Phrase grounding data
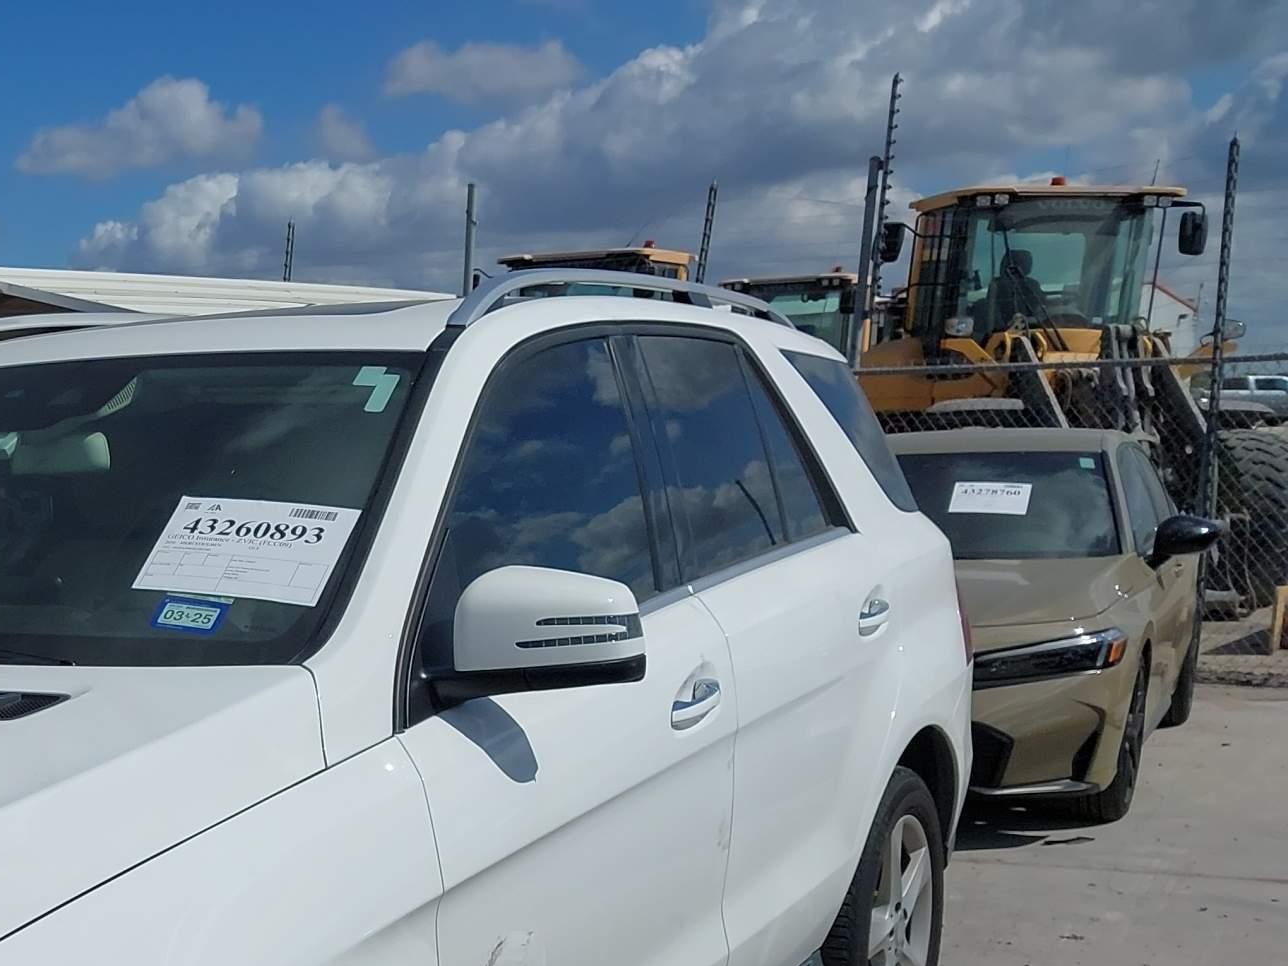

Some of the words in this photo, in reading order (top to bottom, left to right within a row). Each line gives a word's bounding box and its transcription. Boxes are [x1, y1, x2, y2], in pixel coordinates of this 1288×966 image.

[167, 533, 195, 541] GEICO
[196, 534, 230, 543] Insurance
[183, 516, 325, 545] 43260893
[163, 609, 185, 621] 03
[190, 612, 214, 625] 25

- Work required
Restate the records word for word and drop the images.

- Task output
Some of the words in this photo, in reading order (top to bottom, left to right within a row). Each line gives a word's bounding box and its transcription. Boxes are [x1, y1, x2, y2], in pixel coordinates of this 1288×966 image.

[167, 533, 195, 541] GEICO
[196, 534, 230, 543] Insurance
[183, 516, 325, 545] 43260893
[163, 609, 185, 621] 03
[190, 612, 214, 625] 25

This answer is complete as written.